Subtitle: Learn about the Python standard for building Web applications with maximum flexibility
Synopsis: Learn to create and reuse components in your Web server using Python. The Python community created the Web Server Gateway Interface (WSGI), a standard for creating Python Web components that work across servers and frameworks. It provides a way to develop Web applications that take advantage of the many strengths of different Web tools. This article introduces WSGI and shows how to develop components that contribute to well-designed Web applications.

Despite the ripples in the Python community over Guido's endorsement of Django (more on this in a later posting), I'm not the least bit interested in any one Python Web framework any more. WSGI has set me free. WSGI is brilliant. It's certainly flawed, largely because of legacy requirements, but the fact that it's so good despite those flaws is amazing.

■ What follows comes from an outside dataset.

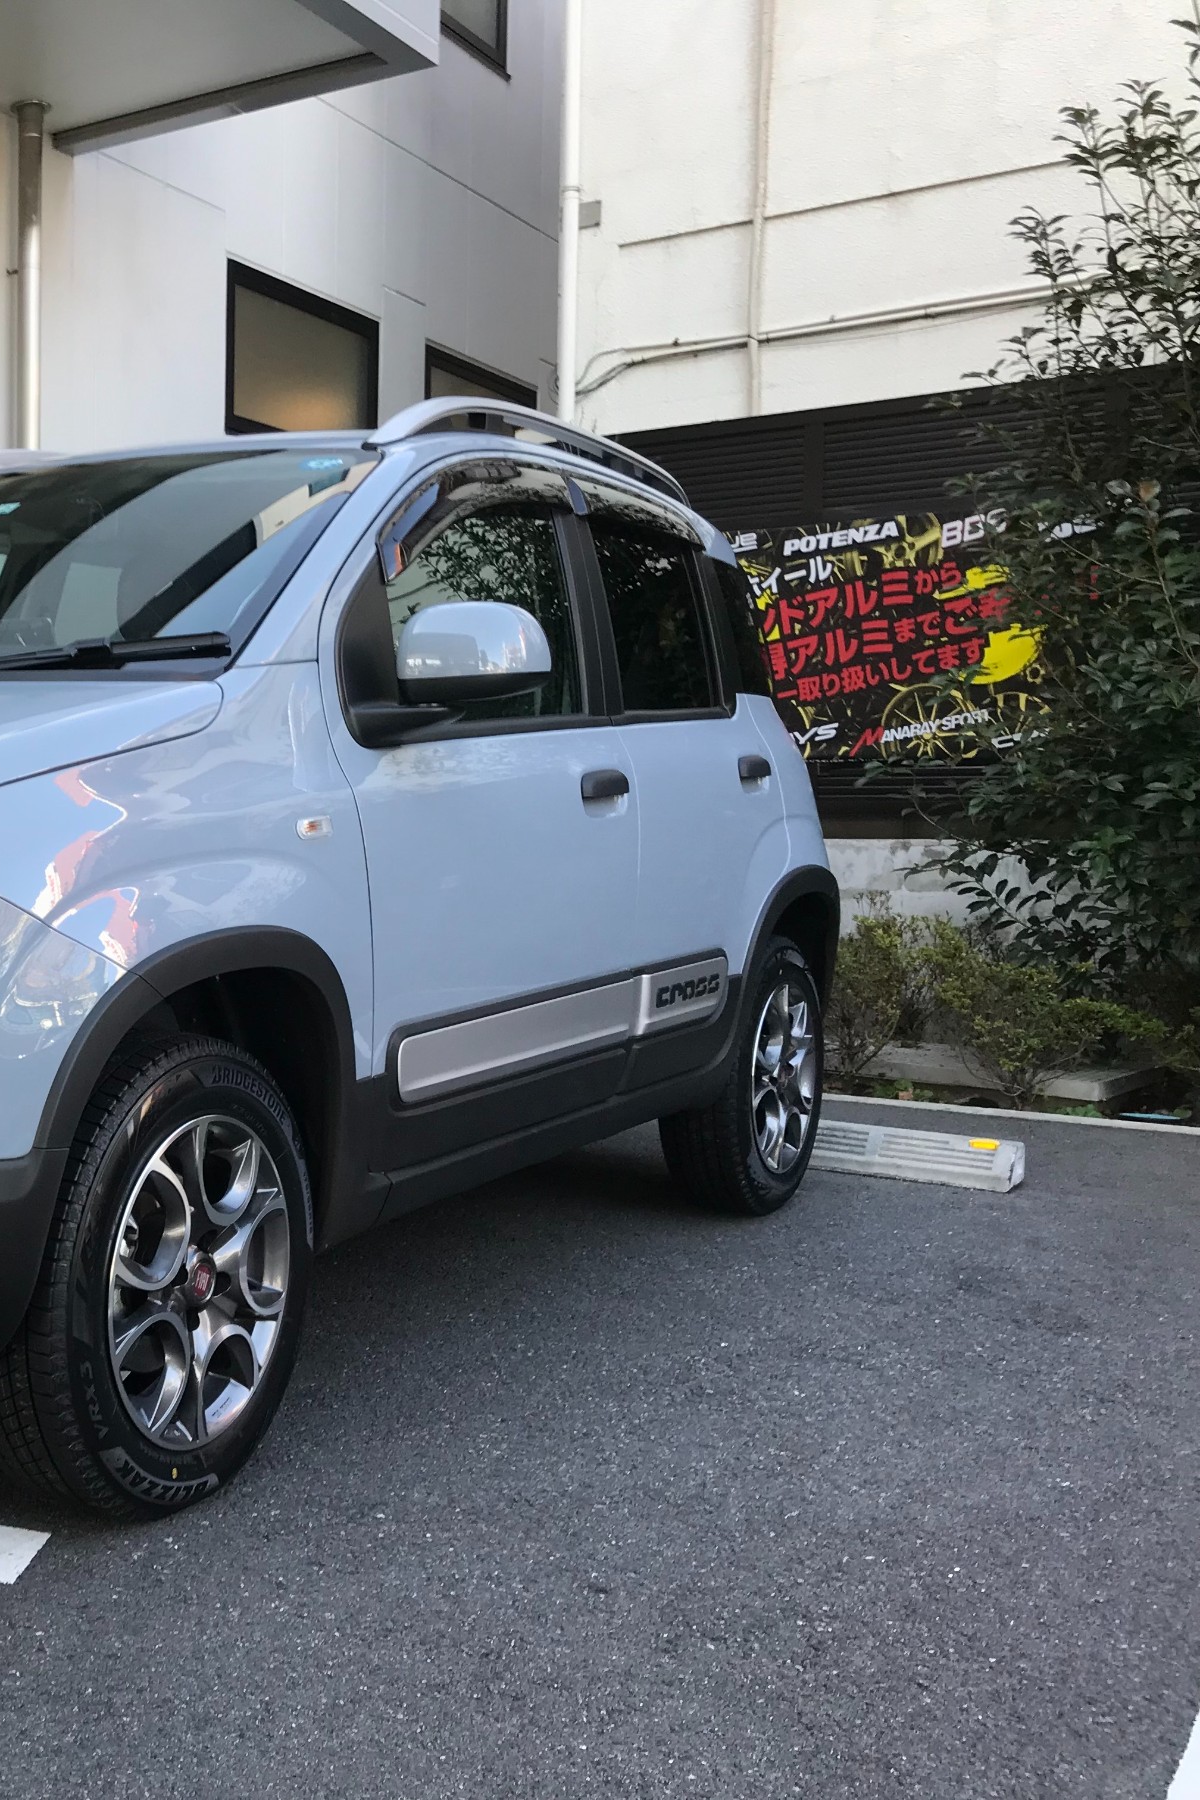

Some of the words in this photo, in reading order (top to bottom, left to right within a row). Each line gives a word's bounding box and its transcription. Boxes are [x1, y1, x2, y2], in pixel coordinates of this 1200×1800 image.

I wrote this article because I think too many introductions to WSGI, and especially middleware, are either too simple or too complicated. In line with my usual article writing philosophy of what could I have read when I started out to make me understand this topic more clearly, I've tried to provide sharp illustration of the WSGI model, and a few clear and practical examples. The articles I read that were too simple glossed over nuances that I think should really be grasped from the beginning (and are not that intimidating). In the too-complicated corner is primarily PEP 333 itself, which is fairly well written, but too rigorous for an intro. In addition, I think the example of WSGI middleware in the PEP is very poor. I'm quite proud of the example I crafted for this article, and I hope it helps encourage more people to create middleware.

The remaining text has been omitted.